Traveling over Bald Mountain north of Hot Springs, NC, felt like ascending into another season. The Forest Service road climbed the north face, hard-packed and ice-glazed, demanding patience with each turn. Towering rhododendrons closed in, forming a glossy green tunnel unreal against frozen brown earth. The contrast struck - vivid life in winter’s dead, ancient shrubs defiant amid ice, shadow, cold. Air hushed and heavy, tires spinning softly upward, it felt like passing through hidden sacred space, a corridor where winter loosened grip enough for green to endure.
At its core, "The Winners" reflects Kipling’s belief that progress and strength forge in solitude, not crowds. The line “He travels the fastest who travels alone” echoed as I rested by a creek, tracing gnarled roots gripping earth. That mirrored my path - years of solitary work, including jumps from helicopters into dark ocean, aircraft fading so I worked undisturbed. Kipling’s poem isn’t lonely; it’s resolute, arguing we must learn aloneness without diminishment, act decisively sans reassurance, stand firm when noise fades and responsibility remains.

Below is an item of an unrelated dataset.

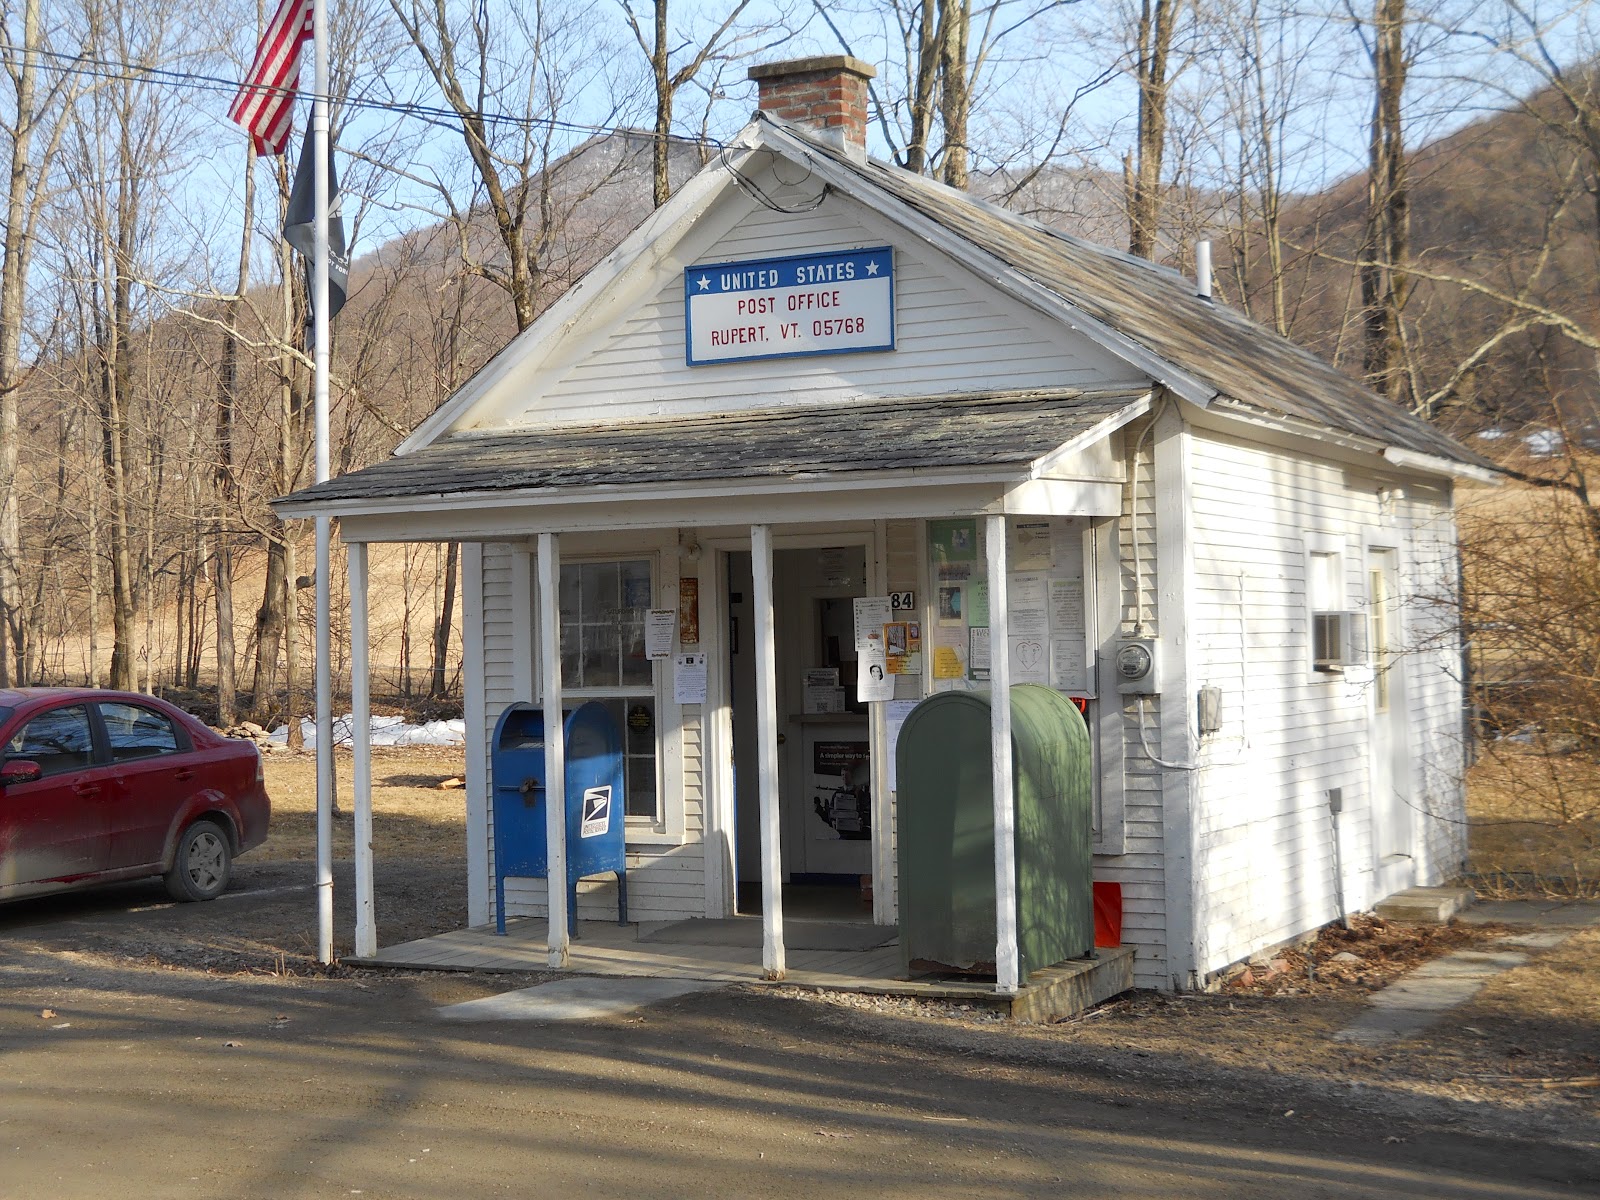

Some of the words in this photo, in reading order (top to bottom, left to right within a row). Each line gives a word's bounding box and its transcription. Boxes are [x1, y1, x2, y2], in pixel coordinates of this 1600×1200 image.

I found myself beside Paint Creek again, picking across rough slick stones, cold seeping through boots as I paused to absorb it. Across a wide, slow bend of partially frozen water, a waterfall whispered and thundered, forty feet away yet another world. Air crisp and clean, pine-scented, softened by canopy light, grounded by stone’s bite. The sound - steady, alive, magnificent - no recording captures without losing soul. Sitting there, I wished to hand it to you like warm coffee on cold morning. Instead: this weekend, explore. Even briefly, map a forest, park, wildlife area - federal, state, local. Your current vehicle is right. Join birds, fish, quiet woods watchers; immerse in the world our Father created for enjoyment. Happy trails.